### What the task asks
All the records that follow need to be reproduced exactly. Omit the images.

Entries taken from a collection
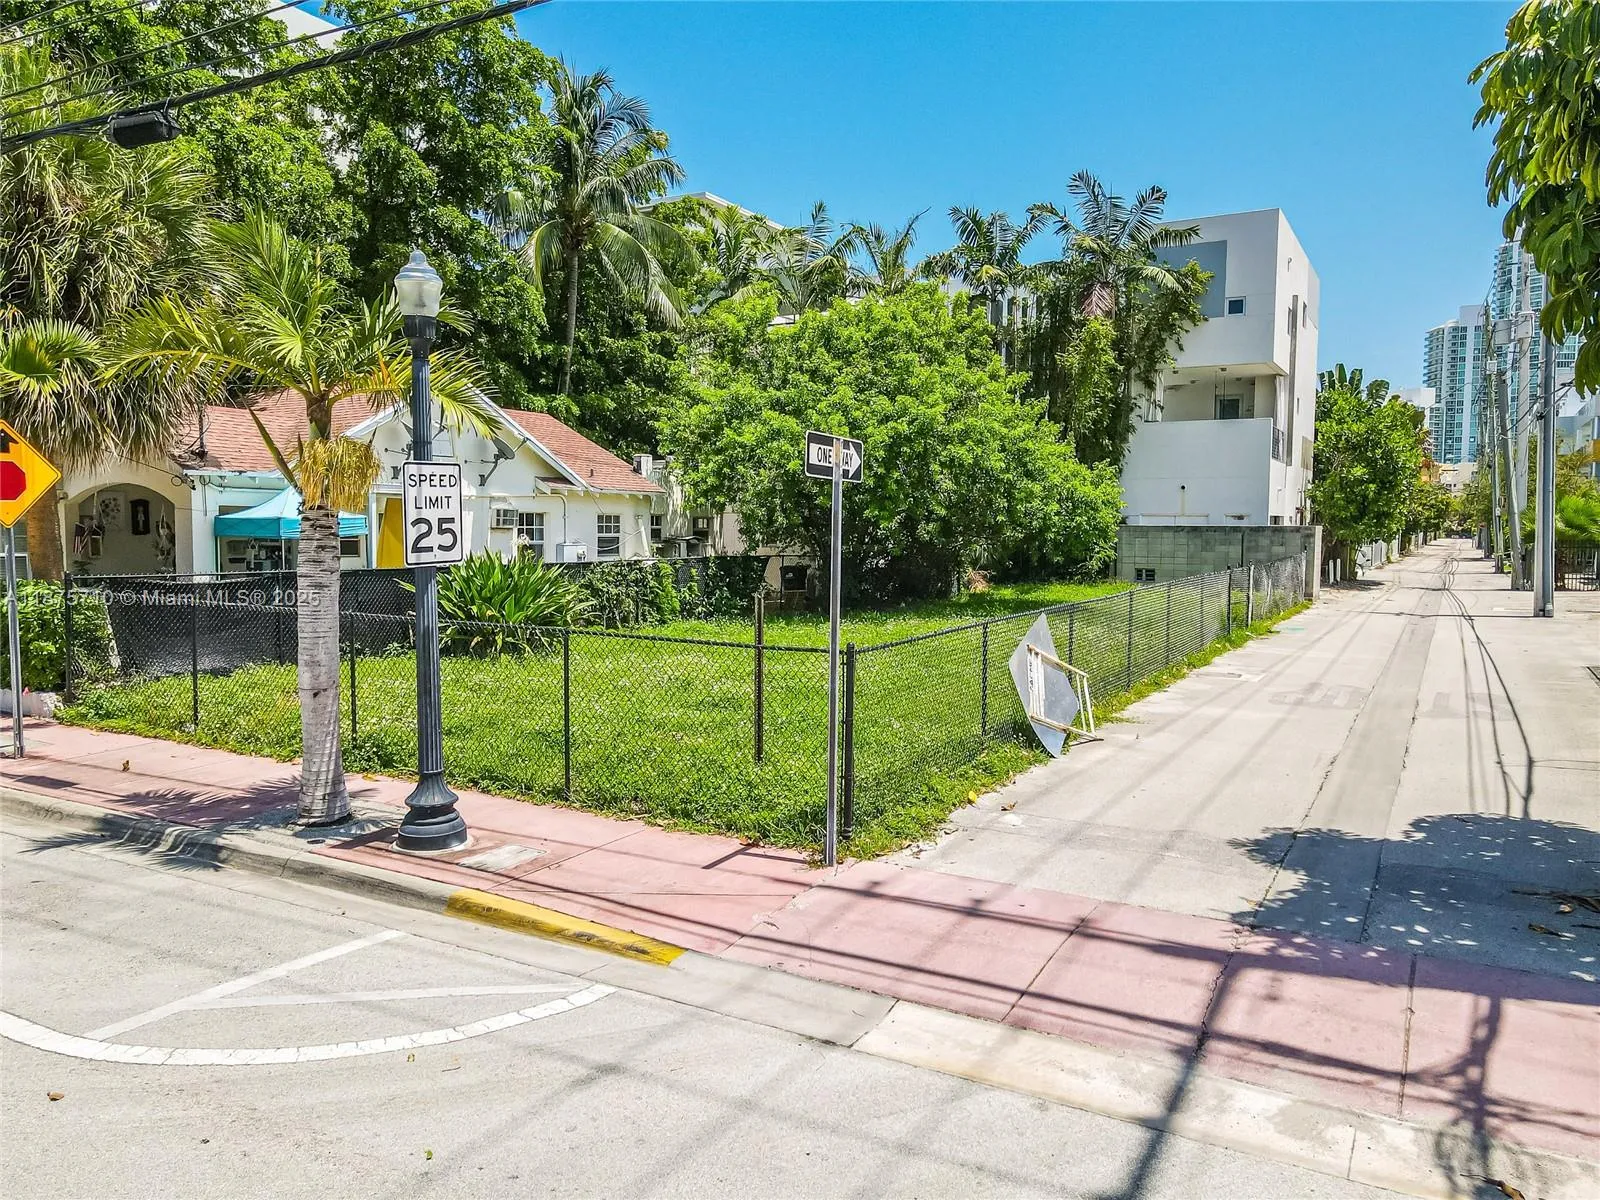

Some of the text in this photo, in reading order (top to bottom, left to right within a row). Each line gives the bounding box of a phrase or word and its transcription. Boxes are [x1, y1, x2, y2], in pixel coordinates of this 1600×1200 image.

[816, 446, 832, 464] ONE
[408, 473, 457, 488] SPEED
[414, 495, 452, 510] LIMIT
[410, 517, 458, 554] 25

### Answer for this exercise
Some of the text in this photo, in reading order (top to bottom, left to right within a row). Each line gives the bounding box of a phrase or word and its transcription. Boxes are [x1, y1, x2, y2], in pixel coordinates of this 1600×1200 image.

[816, 446, 832, 464] ONE
[408, 473, 457, 488] SPEED
[414, 495, 452, 510] LIMIT
[410, 517, 458, 554] 25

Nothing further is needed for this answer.